(What is expected)
Output all the data exactly.

(Collected data)
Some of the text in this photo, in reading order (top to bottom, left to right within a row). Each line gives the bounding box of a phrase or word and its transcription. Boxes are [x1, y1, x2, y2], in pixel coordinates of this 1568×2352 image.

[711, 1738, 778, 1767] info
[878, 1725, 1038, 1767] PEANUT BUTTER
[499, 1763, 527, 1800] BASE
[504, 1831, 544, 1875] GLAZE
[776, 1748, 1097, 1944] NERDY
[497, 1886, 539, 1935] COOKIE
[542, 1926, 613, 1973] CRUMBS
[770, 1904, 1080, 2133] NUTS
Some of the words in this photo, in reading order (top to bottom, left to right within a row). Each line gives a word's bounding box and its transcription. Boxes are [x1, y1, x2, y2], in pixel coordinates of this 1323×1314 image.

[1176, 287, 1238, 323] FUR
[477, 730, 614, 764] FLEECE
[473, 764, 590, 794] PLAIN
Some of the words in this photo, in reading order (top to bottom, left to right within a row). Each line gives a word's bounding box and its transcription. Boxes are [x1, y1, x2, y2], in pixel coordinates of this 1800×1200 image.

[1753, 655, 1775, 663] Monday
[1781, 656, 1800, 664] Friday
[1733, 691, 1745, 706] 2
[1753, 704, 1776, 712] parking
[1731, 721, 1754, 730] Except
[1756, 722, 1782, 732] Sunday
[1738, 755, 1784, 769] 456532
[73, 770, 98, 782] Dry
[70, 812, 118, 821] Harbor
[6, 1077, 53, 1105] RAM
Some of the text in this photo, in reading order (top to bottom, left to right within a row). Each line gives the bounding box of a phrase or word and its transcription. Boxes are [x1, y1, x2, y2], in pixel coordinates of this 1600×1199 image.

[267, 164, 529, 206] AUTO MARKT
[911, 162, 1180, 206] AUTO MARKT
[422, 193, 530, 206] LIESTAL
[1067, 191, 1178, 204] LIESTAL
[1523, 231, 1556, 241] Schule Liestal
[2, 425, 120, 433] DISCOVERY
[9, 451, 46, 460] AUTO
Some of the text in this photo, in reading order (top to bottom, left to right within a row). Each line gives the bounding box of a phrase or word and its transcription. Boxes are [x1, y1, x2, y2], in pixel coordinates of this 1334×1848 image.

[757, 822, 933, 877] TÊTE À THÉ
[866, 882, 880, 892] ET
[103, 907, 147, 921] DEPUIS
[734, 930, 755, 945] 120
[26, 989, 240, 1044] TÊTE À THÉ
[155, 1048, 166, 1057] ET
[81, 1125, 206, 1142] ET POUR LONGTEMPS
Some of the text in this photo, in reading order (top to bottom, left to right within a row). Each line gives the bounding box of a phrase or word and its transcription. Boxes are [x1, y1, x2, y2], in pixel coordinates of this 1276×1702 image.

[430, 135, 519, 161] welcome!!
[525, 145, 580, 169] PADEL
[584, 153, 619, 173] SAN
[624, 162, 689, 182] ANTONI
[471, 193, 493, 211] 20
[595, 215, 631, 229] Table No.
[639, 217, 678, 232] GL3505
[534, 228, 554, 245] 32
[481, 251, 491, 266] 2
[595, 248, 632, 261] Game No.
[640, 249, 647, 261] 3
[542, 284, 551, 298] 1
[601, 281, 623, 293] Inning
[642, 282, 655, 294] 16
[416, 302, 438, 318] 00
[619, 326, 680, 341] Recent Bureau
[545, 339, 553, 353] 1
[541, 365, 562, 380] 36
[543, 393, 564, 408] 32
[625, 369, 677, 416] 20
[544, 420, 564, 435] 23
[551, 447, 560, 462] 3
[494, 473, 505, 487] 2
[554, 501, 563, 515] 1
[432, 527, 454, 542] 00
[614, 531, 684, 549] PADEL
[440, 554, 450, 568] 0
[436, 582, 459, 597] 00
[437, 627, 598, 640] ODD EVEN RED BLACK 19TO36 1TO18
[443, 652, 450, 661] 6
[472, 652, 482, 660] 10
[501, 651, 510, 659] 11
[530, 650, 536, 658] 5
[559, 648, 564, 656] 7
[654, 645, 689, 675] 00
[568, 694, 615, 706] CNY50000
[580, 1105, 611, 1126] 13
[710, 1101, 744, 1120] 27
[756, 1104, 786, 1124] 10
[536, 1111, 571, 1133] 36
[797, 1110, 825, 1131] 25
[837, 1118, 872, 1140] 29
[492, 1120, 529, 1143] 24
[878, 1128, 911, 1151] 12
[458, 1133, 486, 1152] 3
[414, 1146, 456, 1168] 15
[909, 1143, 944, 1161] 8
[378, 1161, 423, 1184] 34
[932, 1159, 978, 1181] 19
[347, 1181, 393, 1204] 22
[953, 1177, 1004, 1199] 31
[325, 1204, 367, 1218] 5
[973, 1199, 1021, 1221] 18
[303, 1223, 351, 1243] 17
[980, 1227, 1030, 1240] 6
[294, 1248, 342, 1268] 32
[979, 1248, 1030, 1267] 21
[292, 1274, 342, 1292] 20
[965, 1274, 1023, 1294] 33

(Answer box)
Some of the text in this photo, in reading order (top to bottom, left to right within a row). Each line gives the bounding box of a phrase or word and its transcription. Boxes are [x1, y1, x2, y2], in pixel coordinates of this 1568×2352 image.

[711, 1738, 778, 1767] info
[878, 1725, 1038, 1767] PEANUT BUTTER
[499, 1763, 527, 1800] BASE
[504, 1831, 544, 1875] GLAZE
[776, 1748, 1097, 1944] NERDY
[497, 1886, 539, 1935] COOKIE
[542, 1926, 613, 1973] CRUMBS
[770, 1904, 1080, 2133] NUTS
Some of the words in this photo, in reading order (top to bottom, left to right within a row). Each line gives a word's bounding box and its transcription. Boxes are [x1, y1, x2, y2], in pixel coordinates of this 1323×1314 image.

[1176, 287, 1238, 323] FUR
[477, 730, 614, 764] FLEECE
[473, 764, 590, 794] PLAIN
Some of the words in this photo, in reading order (top to bottom, left to right within a row). Each line gives a word's bounding box and its transcription. Boxes are [x1, y1, x2, y2], in pixel coordinates of this 1800×1200 image.

[1753, 655, 1775, 663] Monday
[1781, 656, 1800, 664] Friday
[1733, 691, 1745, 706] 2
[1753, 704, 1776, 712] parking
[1731, 721, 1754, 730] Except
[1756, 722, 1782, 732] Sunday
[1738, 755, 1784, 769] 456532
[73, 770, 98, 782] Dry
[70, 812, 118, 821] Harbor
[6, 1077, 53, 1105] RAM
Some of the text in this photo, in reading order (top to bottom, left to right within a row). Each line gives the bounding box of a phrase or word and its transcription. Boxes are [x1, y1, x2, y2], in pixel coordinates of this 1600×1199 image.

[267, 164, 529, 206] AUTO MARKT
[911, 162, 1180, 206] AUTO MARKT
[422, 193, 530, 206] LIESTAL
[1067, 191, 1178, 204] LIESTAL
[1523, 231, 1556, 241] Schule Liestal
[2, 425, 120, 433] DISCOVERY
[9, 451, 46, 460] AUTO
Some of the text in this photo, in reading order (top to bottom, left to right within a row). Each line gives the bounding box of a phrase or word and its transcription. Boxes are [x1, y1, x2, y2], in pixel coordinates of this 1334×1848 image.

[757, 822, 933, 877] TÊTE À THÉ
[866, 882, 880, 892] ET
[103, 907, 147, 921] DEPUIS
[734, 930, 755, 945] 120
[26, 989, 240, 1044] TÊTE À THÉ
[155, 1048, 166, 1057] ET
[81, 1125, 206, 1142] ET POUR LONGTEMPS
Some of the text in this photo, in reading order (top to bottom, left to right within a row). Each line gives the bounding box of a phrase or word and its transcription. Boxes are [x1, y1, x2, y2], in pixel coordinates of this 1276×1702 image.

[430, 135, 519, 161] welcome!!
[525, 145, 580, 169] PADEL
[584, 153, 619, 173] SAN
[624, 162, 689, 182] ANTONI
[471, 193, 493, 211] 20
[595, 215, 631, 229] Table No.
[639, 217, 678, 232] GL3505
[534, 228, 554, 245] 32
[481, 251, 491, 266] 2
[595, 248, 632, 261] Game No.
[640, 249, 647, 261] 3
[542, 284, 551, 298] 1
[601, 281, 623, 293] Inning
[642, 282, 655, 294] 16
[416, 302, 438, 318] 00
[619, 326, 680, 341] Recent Bureau
[545, 339, 553, 353] 1
[541, 365, 562, 380] 36
[543, 393, 564, 408] 32
[625, 369, 677, 416] 20
[544, 420, 564, 435] 23
[551, 447, 560, 462] 3
[494, 473, 505, 487] 2
[554, 501, 563, 515] 1
[432, 527, 454, 542] 00
[614, 531, 684, 549] PADEL
[440, 554, 450, 568] 0
[436, 582, 459, 597] 00
[437, 627, 598, 640] ODD EVEN RED BLACK 19TO36 1TO18
[443, 652, 450, 661] 6
[472, 652, 482, 660] 10
[501, 651, 510, 659] 11
[530, 650, 536, 658] 5
[559, 648, 564, 656] 7
[654, 645, 689, 675] 00
[568, 694, 615, 706] CNY50000
[580, 1105, 611, 1126] 13
[710, 1101, 744, 1120] 27
[756, 1104, 786, 1124] 10
[536, 1111, 571, 1133] 36
[797, 1110, 825, 1131] 25
[837, 1118, 872, 1140] 29
[492, 1120, 529, 1143] 24
[878, 1128, 911, 1151] 12
[458, 1133, 486, 1152] 3
[414, 1146, 456, 1168] 15
[909, 1143, 944, 1161] 8
[378, 1161, 423, 1184] 34
[932, 1159, 978, 1181] 19
[347, 1181, 393, 1204] 22
[953, 1177, 1004, 1199] 31
[325, 1204, 367, 1218] 5
[973, 1199, 1021, 1221] 18
[303, 1223, 351, 1243] 17
[980, 1227, 1030, 1240] 6
[294, 1248, 342, 1268] 32
[979, 1248, 1030, 1267] 21
[292, 1274, 342, 1292] 20
[965, 1274, 1023, 1294] 33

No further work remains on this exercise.